Regularização ambiental ainda gera dúvidas, diz advogada

Delcy Mac Cruz, Da Redação

2004-07-30 Canavial Mata Floresta (1)A entrada em vigor do Programa de Regularização Ambiental (PRA) no Estado de São Paulo, em janeiro próximo, insere um novo personagem ao redor do novo código florestal. Mas o que é o PRA? Os produtores de cana-de-açúcar, que também precisam aderir à novidade, terão tempo de se adequar para atender aos prazos?

Segundo a advogada Samanta Pineda, o setor do agronegócio como um todo ainda está com dúvidas neste processo de regularização ambiental, principalmente em relação a como chegar ao número do déficit de reserva legal.

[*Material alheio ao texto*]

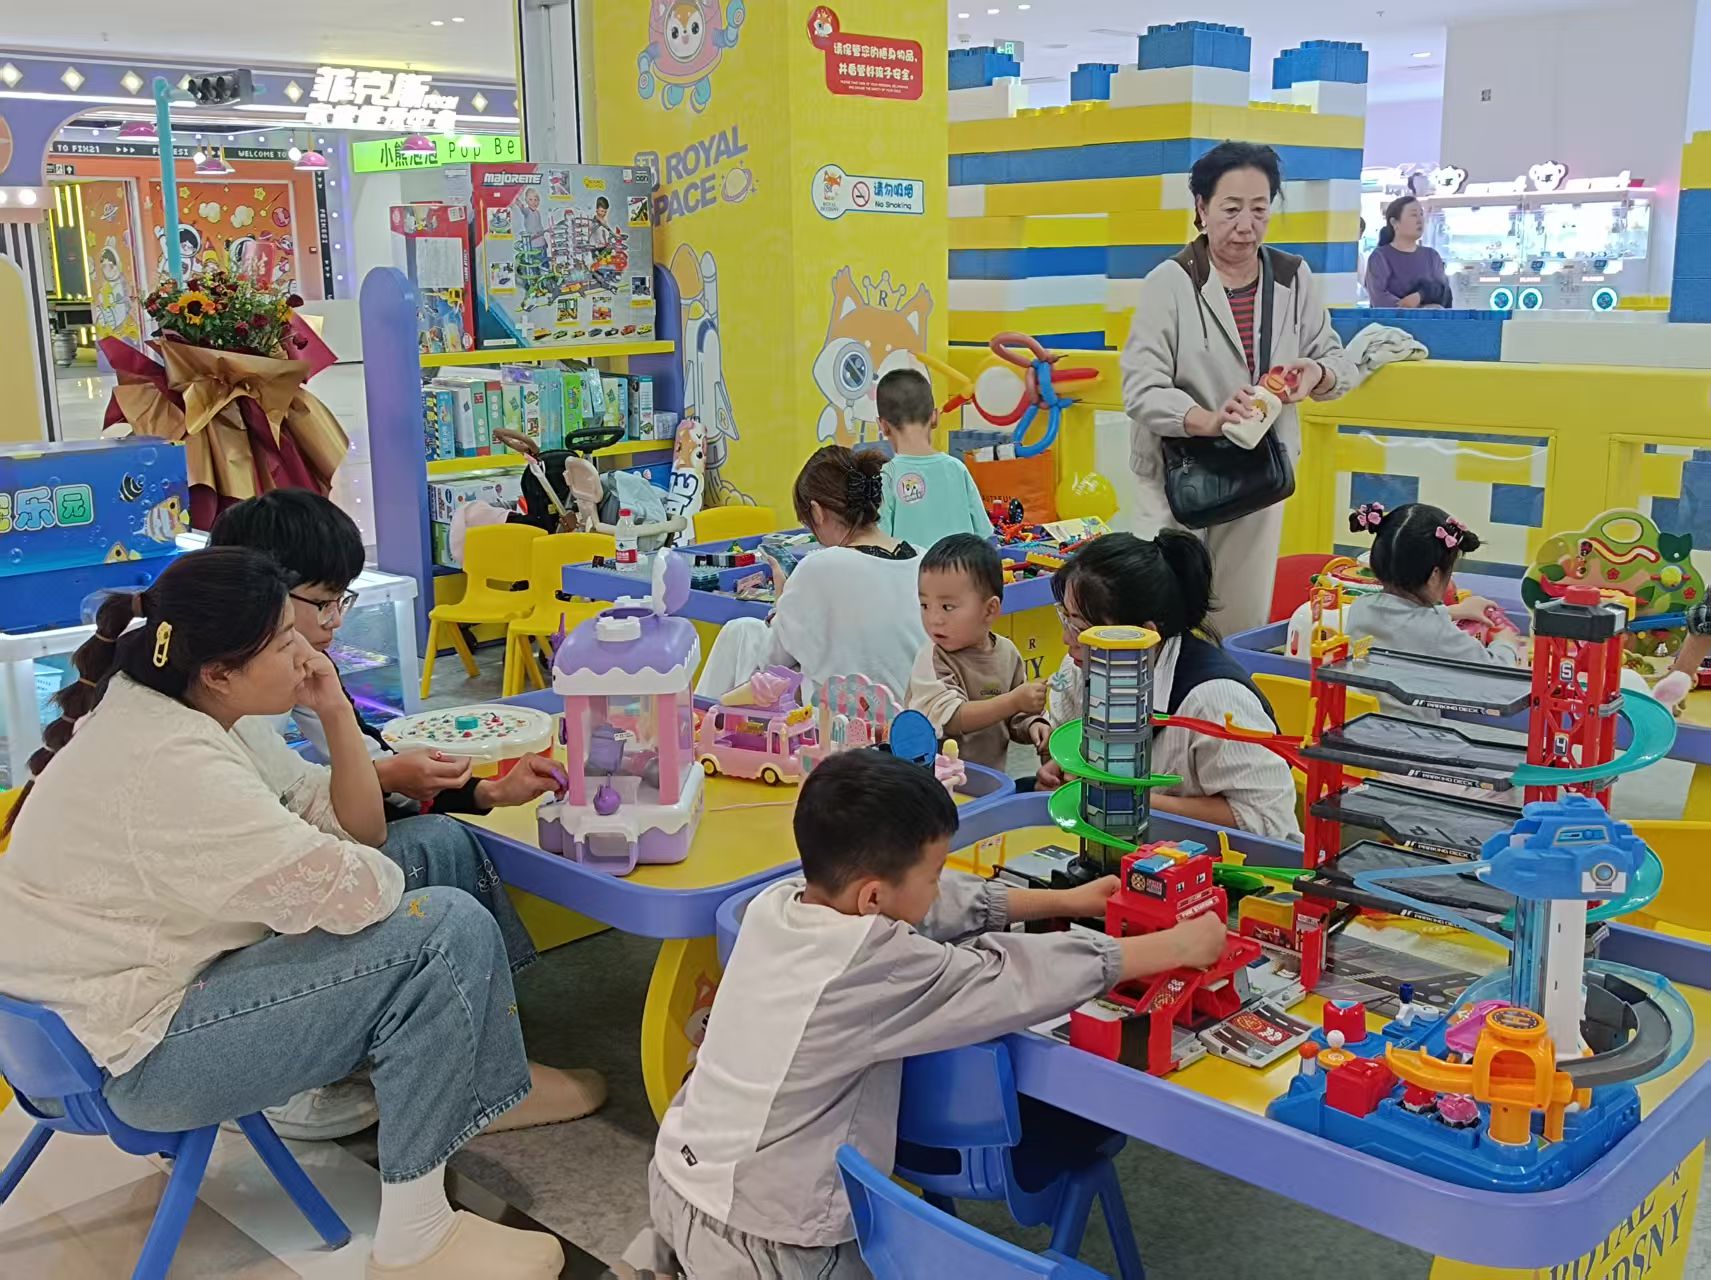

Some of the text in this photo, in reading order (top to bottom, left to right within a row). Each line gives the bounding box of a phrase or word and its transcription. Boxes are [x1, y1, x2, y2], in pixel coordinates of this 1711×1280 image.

[238, 150, 287, 158] WELCOME TO
[665, 124, 749, 185] ROYAL
[652, 173, 717, 227] PACE
[878, 290, 888, 307] R
[1028, 638, 1036, 650] R
[1426, 702, 1479, 714] PARKING DECK
[1556, 737, 1567, 753] 4
[1422, 773, 1453, 783] PARKING
[1418, 843, 1449, 854] PARKING
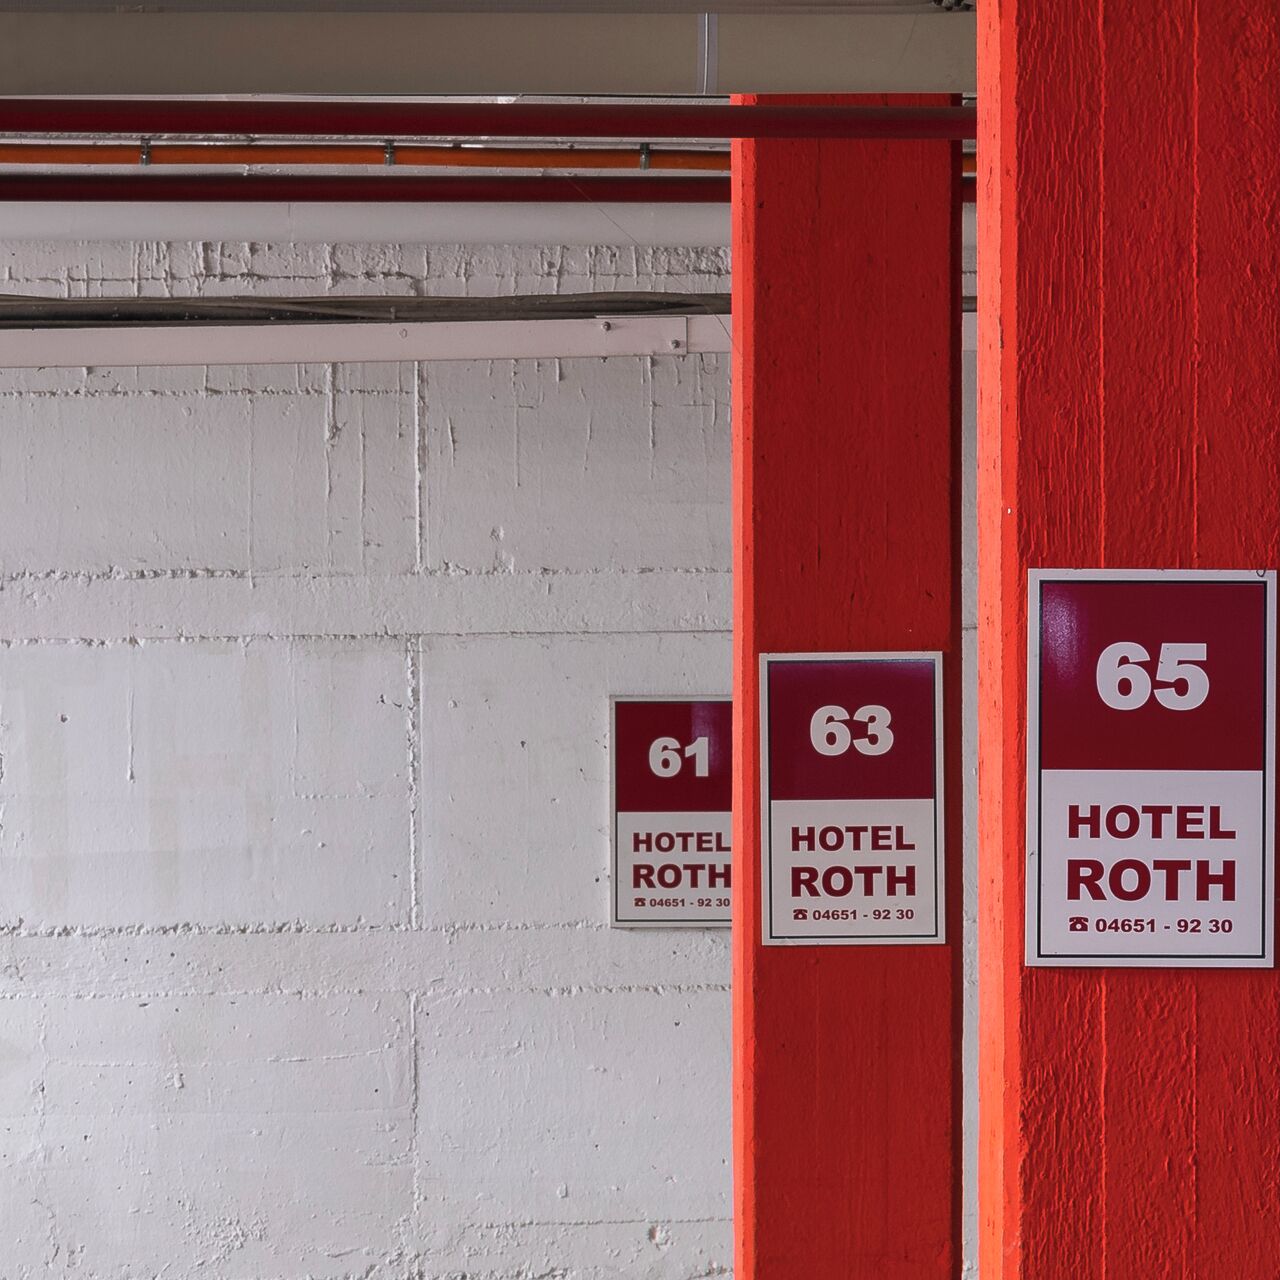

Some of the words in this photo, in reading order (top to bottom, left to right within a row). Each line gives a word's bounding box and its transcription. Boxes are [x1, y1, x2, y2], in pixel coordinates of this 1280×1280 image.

[1096, 642, 1209, 710] 65
[810, 705, 894, 756] 63
[649, 737, 708, 777] 61
[1069, 805, 1236, 839] HOTEL
[633, 832, 731, 852] HOTEL
[792, 826, 915, 851] HOTEL
[633, 864, 731, 888] ROTH
[792, 866, 915, 897] ROTH
[1068, 859, 1235, 901] ROTH
[650, 899, 684, 907] 04651
[698, 898, 711, 907] 92
[716, 898, 730, 907] 30
[813, 910, 856, 920] 04651
[873, 909, 890, 919] 92
[896, 909, 914, 919] 30
[1096, 919, 1154, 932] 04651
[1177, 919, 1201, 932] 92
[1209, 919, 1232, 933] 30
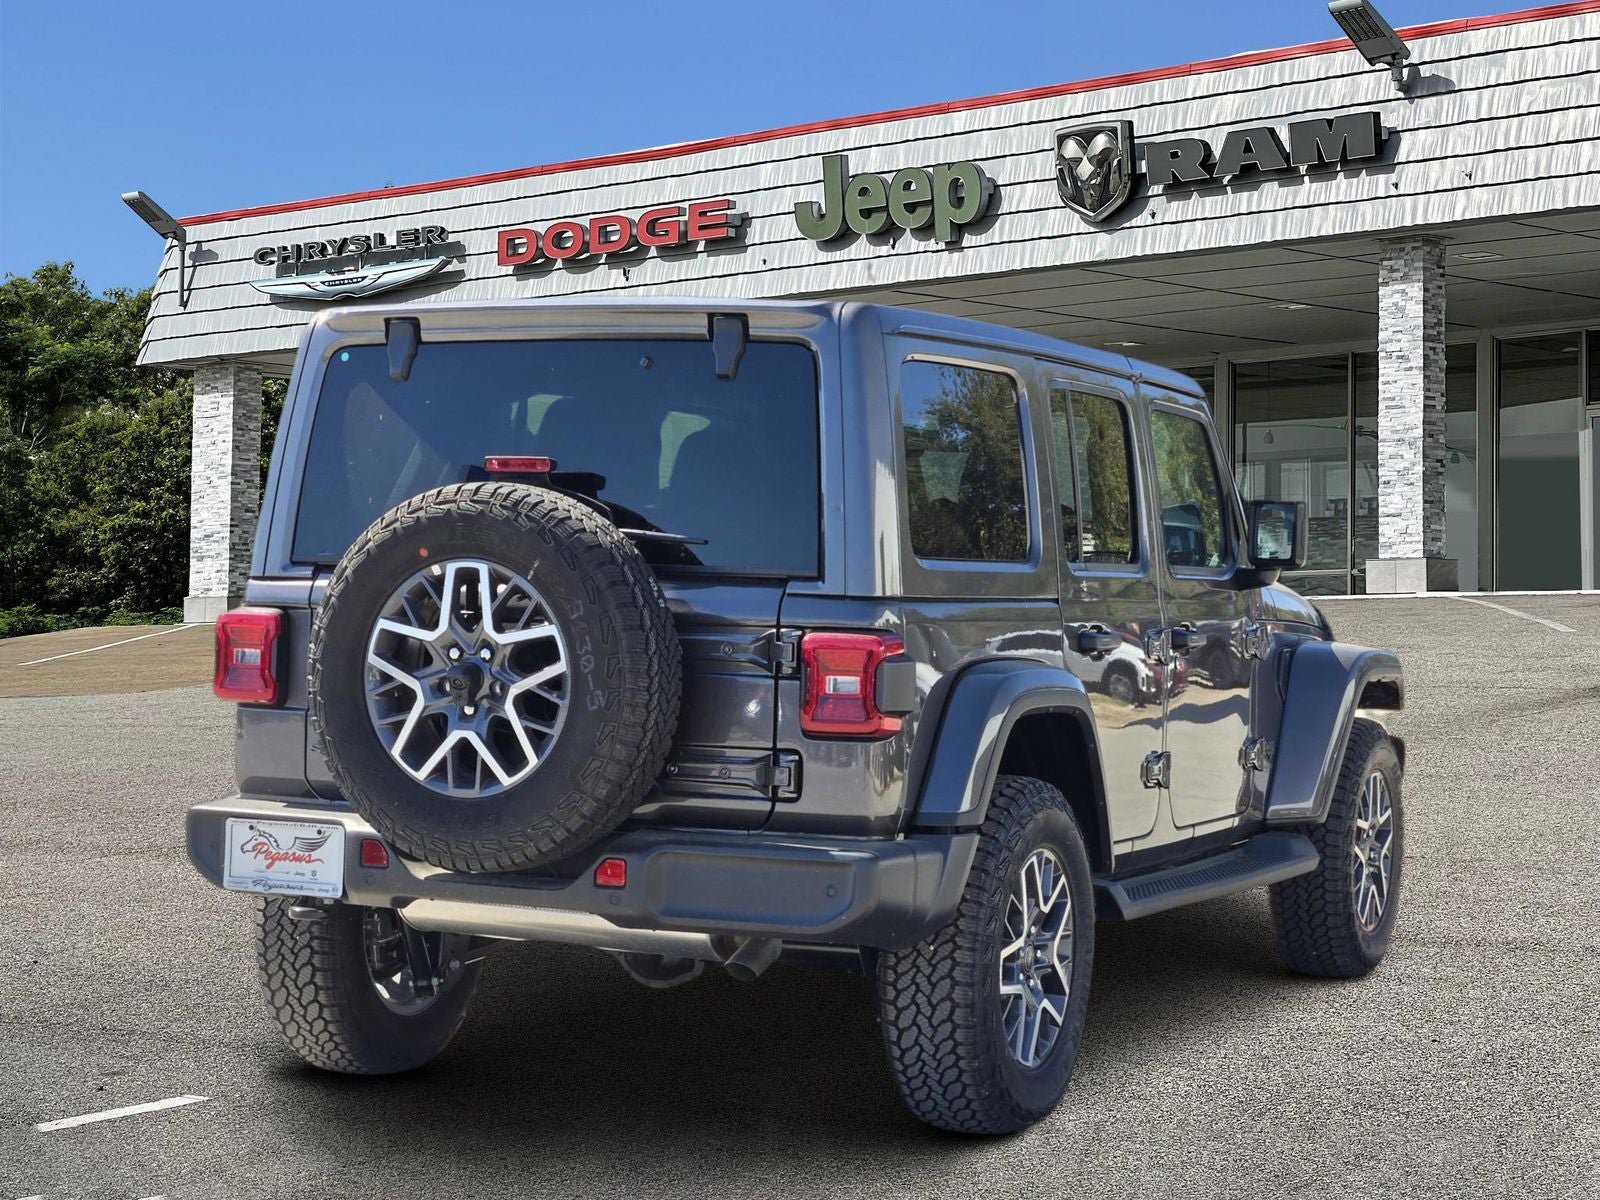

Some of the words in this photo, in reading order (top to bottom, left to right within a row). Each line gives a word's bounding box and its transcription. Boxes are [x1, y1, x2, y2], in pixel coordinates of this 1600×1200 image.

[1146, 112, 1380, 186] RAM
[794, 154, 986, 242] Jeep
[253, 225, 448, 266] CHRYSLER
[498, 200, 734, 266] DODGE
[324, 277, 363, 286] CHRYSLER
[251, 842, 325, 870] Pegasus
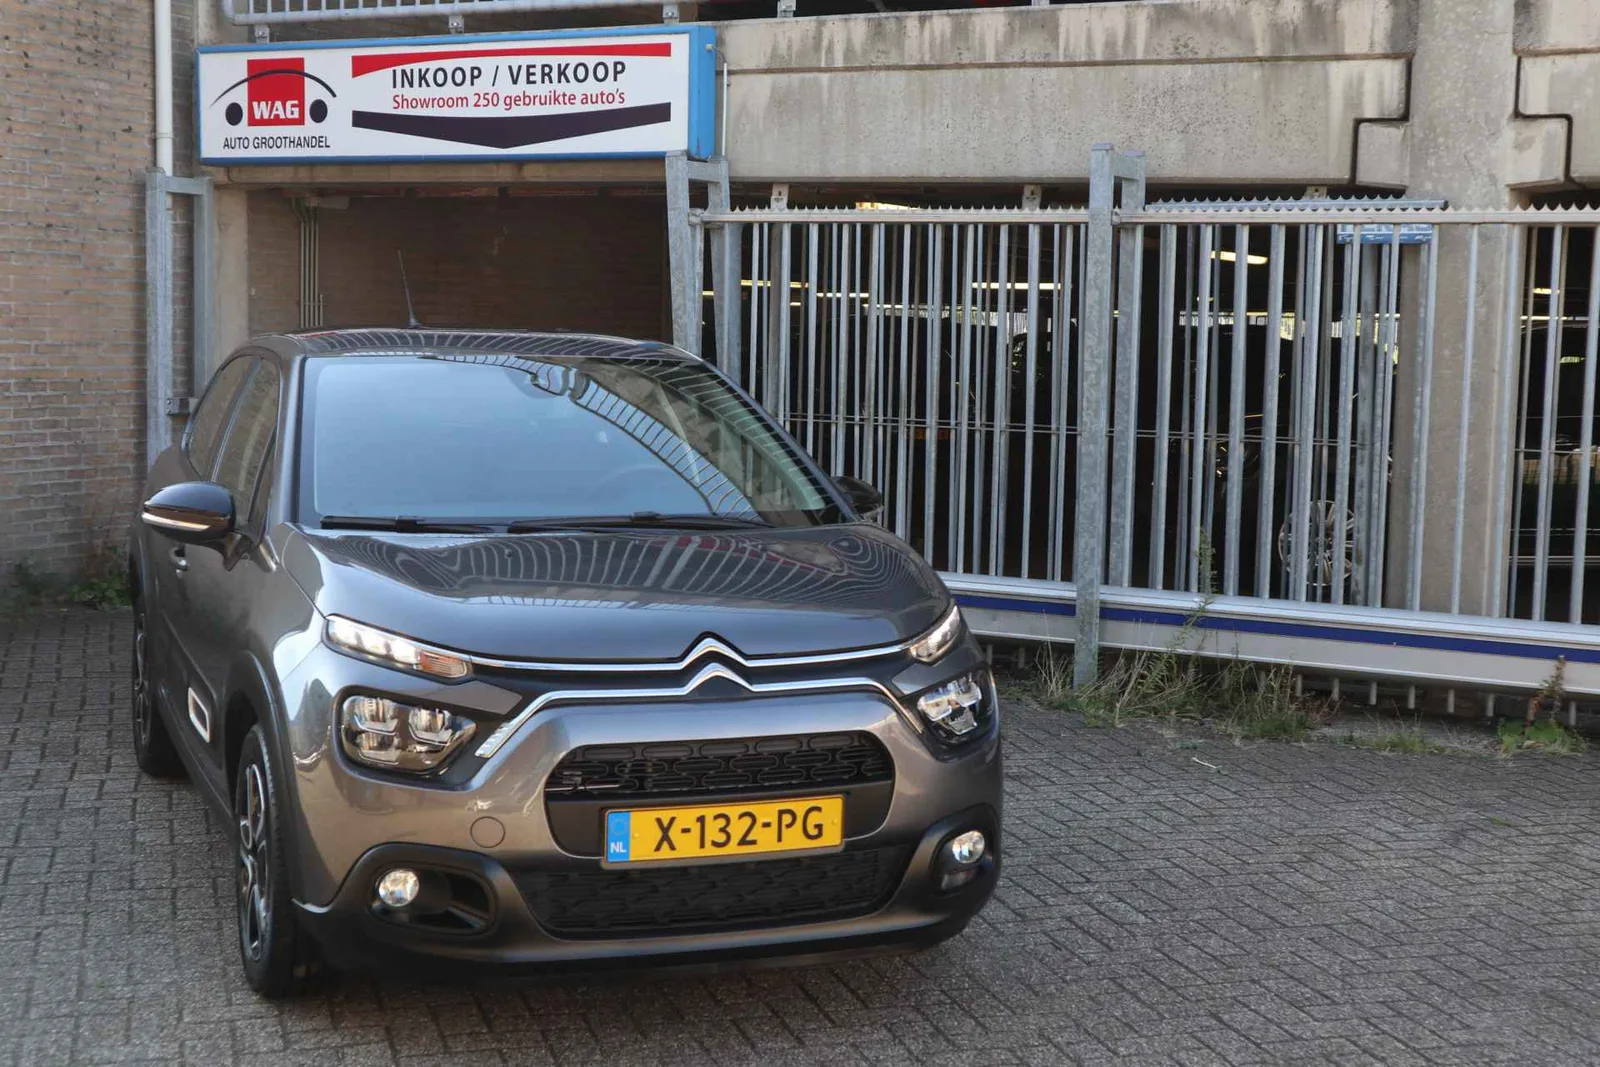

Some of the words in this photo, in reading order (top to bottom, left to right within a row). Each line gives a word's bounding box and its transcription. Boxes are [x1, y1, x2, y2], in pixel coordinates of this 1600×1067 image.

O PRA, por exemplo, é determinado aos estados brasileiros em obediência ao artigo 59 da lei 12.651. No Estado de São Paulo, esse Programa teve o projeto de lei 219 aprovado em 10 de dezembro pela Assembleia Legislativa e o governador Geraldo Alckmin tem 30 dias de prazo para sancionar. “Não há nenhuma divergência que possa ocasionar um veto”, afirma Samanta.

Samanta
Samanta Pineda

O PRA, conforme a advogada, integra o chamado ‘Refis’ ambiental gerado pelo código florestal, onde quem suprimiu vegetação sem autorização antes de 22 de julho de 2008 tem direito a se regularizar de forma facilitada.

“Essa regularização é um processo composto de etapas”, diz ela. A primeira, emenda,, é a inscrição no Cadastro Ambiental Rural (CAR) e, a segunda, é a adesão ao PRA.